Recebeu diversos prêmios, incluindo a Comenda Ordem do Mérito Cultural e o Prêmio Arte na Escola Cidadã.

Autodidata e patrimônio vivo de Pernambuco, J. Borges dedicava-se a ensinar jovens e crianças em seu Memorial, que inclui um Museu da Xilogravura e ateliê.

Família e filhos

O artista também se destacou quando o assunto é família. Ao todo, J.Borges teve 24 filhos, 18 biológicos e 6 adotivos, dos quais muitos também optaram por seguir a carreira do pai.

Em entrevista ao O Globo, Pablo Borges, um dos filhos do artista, revelou que construiu uma oficina em Bezerros, em homenagem às obras da família.

"É importante ter uma intervenção num museu [...] Uma parte dele está aqui.", afirmou ao portal.

FELIPE RIBEIRO/JC IMAGEM
J. Borges foi considerado Patrimônio Vivo de Pernambuco em 2005 - FELIPE RIBEIRO/JC IMAGEM

Autoridades lamentam óbito de J.Borges

Desde o anúncio do falecimento de J.Borges, diversas autoridades prestaram homenagens ao artista, que deixou seu legado na cultura pernambucana.

Atráves de uma nota de pesar, a governadora de Pernambuco, Raquel Lyra, lamentou a morte do ícone popular.

"J. Borges levou Bezerros, o Agreste e Pernambuco para o mundo. E vai deixar uma saudade imensa. Mas a sua grandiosidade permanecerá aqui pelas mãos de seus filhos, discípulos e centenas de xilogravuras que representam tão bem a nossa cultura. Meus pêsames aos familiares e amigos."

Raquel Lyra
Governadora de Pernambuco

Confira na íntegra a nota de pesar da Prefeitura do Recife:

"A Prefeitura do Recife, por meio da Secretaria de Cultura e da Fundação de Cultura Cidade do Recife, lamenta a morte do xilógrafo, cordelista e poeta pernambucano José Francisco Borges, o eterno J. Borges, mestre maior e um dos precursores da xilografia no Brasil, que dedicou a vida inteira a arar na madeira o imaginário do povo nordestino, com seus mais autênticos temas e tipos, belezas e singelezas.

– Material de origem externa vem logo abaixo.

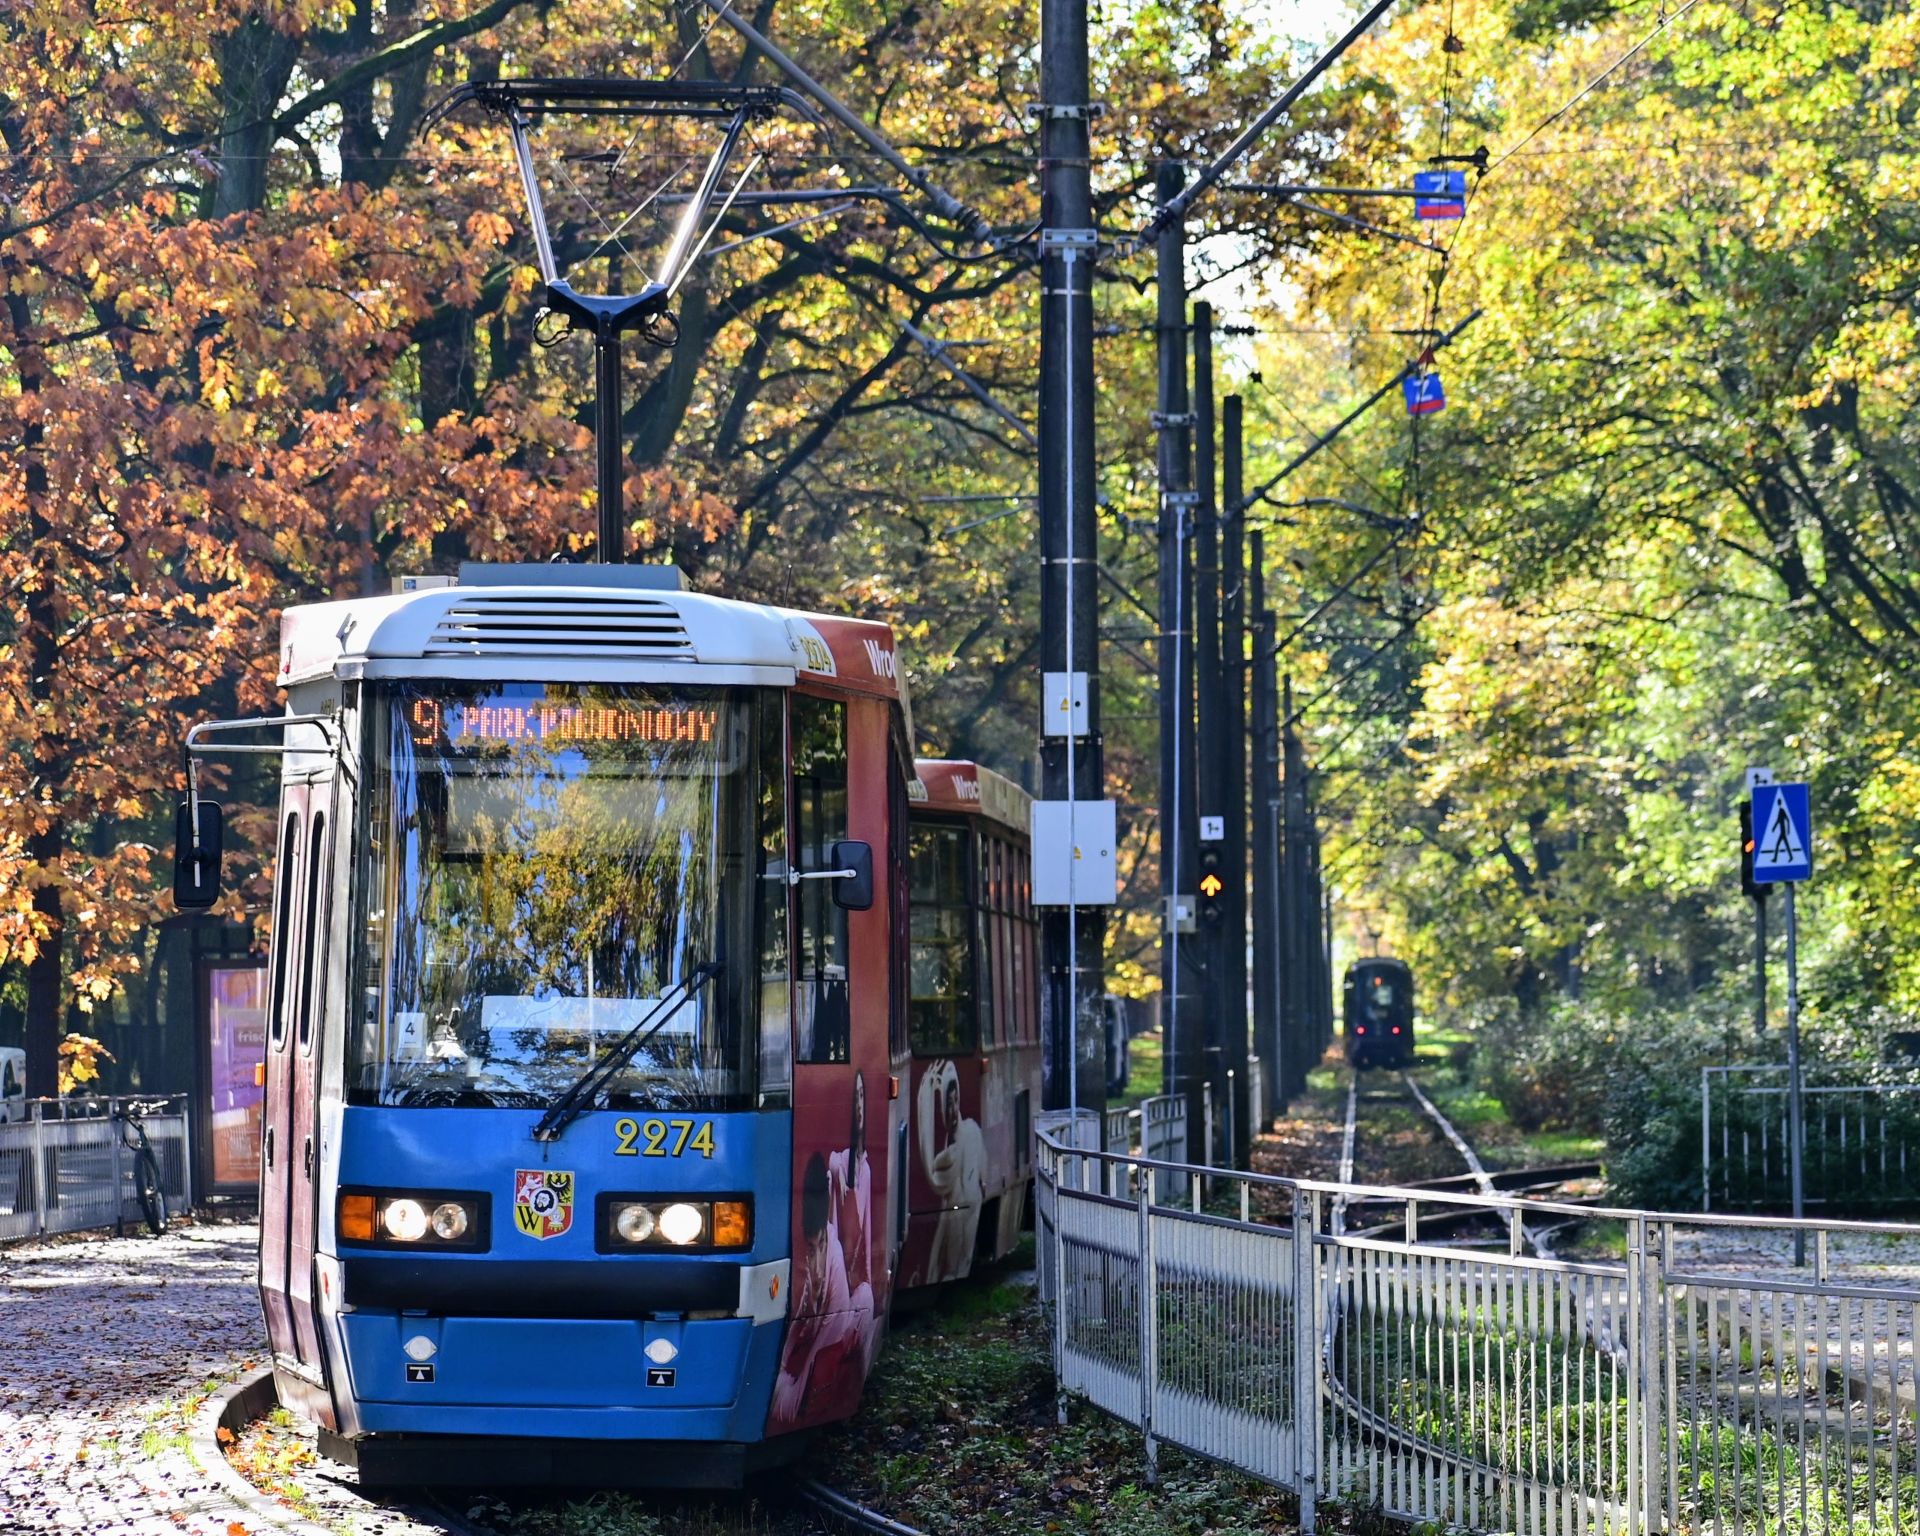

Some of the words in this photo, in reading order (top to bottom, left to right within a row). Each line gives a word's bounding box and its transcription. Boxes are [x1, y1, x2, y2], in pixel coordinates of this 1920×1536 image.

[413, 699, 439, 745] 9
[405, 1021, 416, 1036] 4
[613, 1117, 715, 1160] 2274

Patrimônio Vivo do Estado, J. Borges foi um dos maiores defensores da literatura de cordel, que ajudou a sagrar como uma das mais autênticas manifestações culturais do Nordeste. Com sensibilidade, humor e delicadeza, traduzia e satirizava os costumes e modos nordestinos em madeira e papel, cores vibrantes e traços únicos, que viraram sua marca registrada e o consagraram como uma espécie de embaixador cultural de sua gente, tendo percorrido o mundo inteiro com sua arte e sendo celebrado, reconhecido e premiado até pela Unesco.

'Mais que uma vasta e belíssima obra, J.Borges deixa uma estética como legado. O artista inaugurou uma forma de traduzir e celebrar a realidade nordestina, que para sempre será uma das mais fiéis linguagens a depor sobre as belezas da nossa cultura popular para o mundo inteiro entender quem somos e de onde viemos', afirmou a secretária de cultura do Recife, Milu Megale.

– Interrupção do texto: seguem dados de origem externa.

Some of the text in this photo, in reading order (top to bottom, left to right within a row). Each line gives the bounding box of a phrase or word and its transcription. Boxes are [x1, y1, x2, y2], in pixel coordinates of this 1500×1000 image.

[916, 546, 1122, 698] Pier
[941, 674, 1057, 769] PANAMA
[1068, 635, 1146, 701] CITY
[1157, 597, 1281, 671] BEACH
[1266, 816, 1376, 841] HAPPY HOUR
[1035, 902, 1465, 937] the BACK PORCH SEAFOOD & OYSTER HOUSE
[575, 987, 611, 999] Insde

'Além de seu imenso talento, J. Borges tinha uma generosidade maior ainda. Estava sempre encontrando novos caminhos para dialogar com o futuro e transmitir sua arte para quem quisesse aprender, perpetuando seu jeito único de enxergar e celebrar o Nordeste para o mundo' acrescentou Marcelo Canuto, presidente da Fundação de Cultura Cidade do Recife."

O prefeito do Recife, João Campos, também prestou suas homenagens nas redes sociais.

"J. Borges gravou na madeira as histórias de um Nordeste realista, fantástico e armorial. Dono de um sorriso largo, era patrimônio de Pernambuco e gênio da cultura popular reconhecido no Brasil e no mundo.

As novas histórias de cordéis deverão contar, em breve, a generosidade e a sensibilidade em tudo que fazia. Sabia unir seu olhar singular para a vida com uma capacidade indecifrável de retratar versos.

Sempre que passava por Bezerros, no Agreste, fazia questão de vê-lo e de admirar a sua arte. A partida dele, deixa Pernambuco com o “coração na mão”, como ele mesmo gravou. Em toda parte, J. Borges vai deixar muita saudade."

O falecimento de J.Borges recebeu uma nota de pesar conjunta pelo Governo de Pernambuco, Secretaria Estadual de Cultua e a Fundação do Patrimônio Histórico e Artístico de Pernambuco (Fundarpe).

Morgana Narjara/Secult-PE/Fundarpe
Imagem do artista J.Borges com um chapéu de Pernambuco - Morgana Narjara/Secult-PE/Fundarpe

"É com imenso pesar que o Governo de Pernambuco, a Secretaria Estadual de Cultura e a Fundação do Patrimônio Histórico e Artístico de Pernambuco (Fundarpe) lamentam o falecimento do incomparável artista J Borges.

Em reconhecimento merecido pela sua contribuição com a cultura popular, através da xilogravura e na arte do cordel, J Borges é - eternamente - Patrimônio Vivo de Pernambuco. Com a identidade visual de suas obras atrelada imediatamente às raízes pernambucanas, o artista levou o nome de Bezerros e de Pernambuco ao redor do mundo.

“Hoje a cultura pernambucana amanheceu de luto. Muito triste a partida de alguém que foi tão definidor para identidade cultural pernambucana como J.Borges. Perdemos hoje um dos maiores filhos do nosso Agreste, responsável por talhar visualmente o imaginário da história e cotidiano do povo nordestino e brasileiro. Encontramos conforto em seu legado, na sua grandeza e nas diversas oportunidades que tivemos de celebrá-lo ainda em vida”, declara a secretária de Cultura de Pernambuco, Cacau de Paula.

“É impossível pensar a identidade visual da cultura nordestina sem pensar no trabalho de J.Borges. Nomes de igual brilho, como Ariano Suassuna, perceberam isso desde cedo e não tinha como ser diferente. Em Pernambuco, não se anda muito longe sem se ver a influência visual e artística desse bezerrense pelas praças, muros, ruas e lares. Sentimos muito essa partida, mas seguiremos aqui, propagando seu legado como pudermos”, completa a presidente da Fundação do Patrimônio Histórico e Artístico de Pernambuco (Fundarpe), Renata Borba.

Matuto esperto e comunicativo, o exímio talhador de madeira tem em seu currículo trabalhos relevantes ao lado de Ariano Suassuna, obras no acervo da Biblioteca Nacional de Washington e a edição comemorativa dos 400 anos do D. Quixote, de Miguel de Cervantes, com uma versão em cordel da referida novela de cavalaria.

No Agreste pernambucano, a cidade de Bezerros abriga seu espaço, o Memorial J.Borges onde o gravurista atuava, junto aos seus filhos e herdeiros de legado, e onde podem ser encontrados diversos exemplares das suas obras."